Next, we compute the mean square error (MSE) loss ${\mathcal{L}}_{cal}$ of the purified sample ${x_i}^{\prime \prime }$ and the denoised sample $x^{\prime }$ as the guidance loss of the adversarial denoising model.

$${\mathcal{L}}_{cal}=\frac{1}{N}{\left({x_i}^{″},x^{\prime }\right)}^2$$

(6)

After that, we keep the weights of the NVAE model unchanged and use ${\mathcal{L}}_{cal}$ to update the feature representations ${\mu }_i$ and ${\sigma }_i$ of the latent space during back-propagation, as shown in Equations (7) and (8). In particular, such a guidance operation updates the feature representations $m_l$ and $n_l$ of each layer, where $l\in \left[1,L\right)$. Whenever we pass ${\mu }_i$ and ${\sigma }_i$ into the decoder of NVAE, a calibration of the latent distribution is completed.

$${\mu }_i={\mu }_{i-1}-\frac{\partial {\mathcal{L}}_{cal}}{\partial {\mu }_{i-1}}$$

(7)

$${\sigma }_i={\sigma }_{i-1}-\frac{\partial {\mathcal{L}}_{cal}}{\partial {\sigma }_{i-1}}$$

(8)

In this way, the latent representation is iteratively updated, thereby changing the latent distribution of the original samples. After repeated adjustments and sampling and filtering operations, the structure of the perturbations is gradually destroyed, and the reconstructed samples are less deceptive to the target model.

4. Experimental Evaluation

4.1. Datasets and Network Architectures

In this section, we first test the effectiveness of the proposed method for defending against adversarial noise on the UC Merced (UCM) land use dataset [55]. Then, we compare our method with baseline adversarial defense methods in the field of computer vision on the CIFAR-10 dataset [56].

UCM is a remote sensing image dataset for land-use classification and recognition tasks; it covers 21 different land use categories, such as urban areas, farmlands, forests, grasslands, lakes, rivers, highways, etc. Each category consists of 100 high-resolution aerial images with a resolution of 256 × 256 pixels. We randomly split the UCM into the training set and test set at a ratio of 8:2. Therefore, the training set and test set contain 1680 and 420 remote sensing images, respectively. To this end, the experimental results on the UCM dataset are based on the average accuracy obtained from five independent experiments.

CIFAR-10 is a computer vision dataset for image classification tasks. It covers 10 different object classes, i.e., airplanes, cars, birds, cats, deer, dogs, frogs, horses, boats, and trucks. These images have certain complexity and variability, which is challenging for the training and evaluation of deep learning models. Each category consists of 6000 images with a resolution of 32 × 32 pixels.

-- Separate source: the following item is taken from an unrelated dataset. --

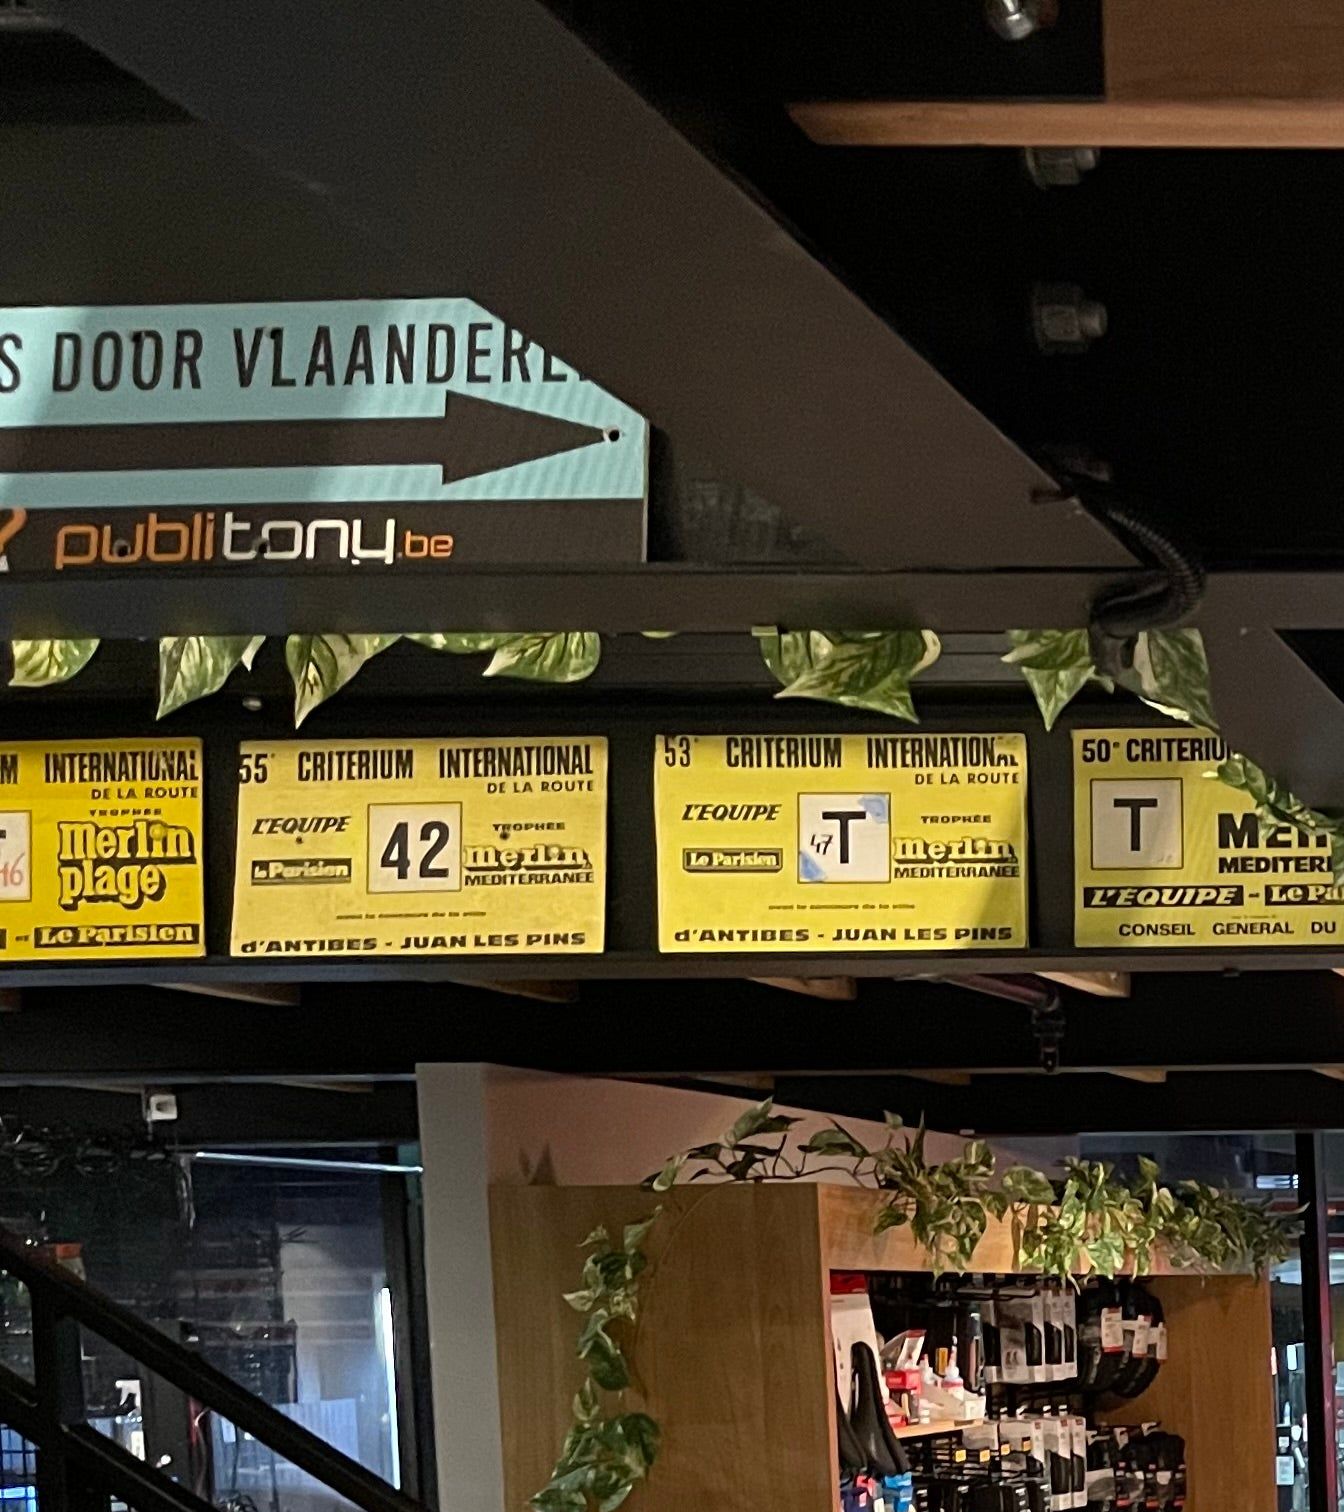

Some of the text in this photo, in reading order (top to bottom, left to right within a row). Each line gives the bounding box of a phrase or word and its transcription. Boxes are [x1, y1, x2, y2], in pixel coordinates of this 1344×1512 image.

4.2. Experimental Settings

When training target models to be attacked, we first perform preprocessing operations such as random cropping, scaling, and horizontal flipping on the training set and then perform 200-epoch training. During this phase, a cosine annealing learning rate adjustment algorithm with a maximum period of 200 and batch normalization techniques are used to speed up the optimization of the model.

We compare the proposed method against widely-used AT and AP methods on a variety of $l_{\infty }$- and $l_2$-bounded attacks: FGSM, PGD, C&W, DeepFool, AutoAttack, and BPDA+EOT. For UCM, both FGSM, PGD, and AutoAttack are $l_{\infty }$ bounded with $\epsilon =0.01$, and the PGD runs 20 iterations with a step size of 0.002; C&W and DeepFool are $l_2$-bounded with $\epsilon =2$. For CIFAR-10, both FGSM, PGD, AutoAttack, and BPDA+EOT are $l_{\infty }$-bounded with $\epsilon =8/255$, and the PGD runs 20 iterations with a step size of $2/255$; C&W and DeepFool are $l_2$-bounded with $\epsilon =2$. In addition, the number of parallel samples used for the EOT attack is 15, and the number of parallel purification trials for verifying successful attacks with EOT defense is set to 150.

Next, we introduce the experimental settings of the proposed algorithm. When training NVAE, the main parameter settings are listed in

Table 1. A summary of the hyperparameters used in training NVAE.

Hyperparameter	Value
Epoch	200
Batch size	200
Normalizing flows	0
Latent variable scales	1
Groups in each scale	10
Residual cells per group	1
Channels in $\mathrm{Z}$	20
Initial channels in enc./dec.	32
Preprocessing/postprocessing blocks	2
Cells per block	3
Mixture components in dec.	10

Notes: $\mathrm{Z}$ represents the set of latent variables.

. In the denoising phase, we choose NMI as the image quality assessment index in the screening module and set the number of iterations to 200.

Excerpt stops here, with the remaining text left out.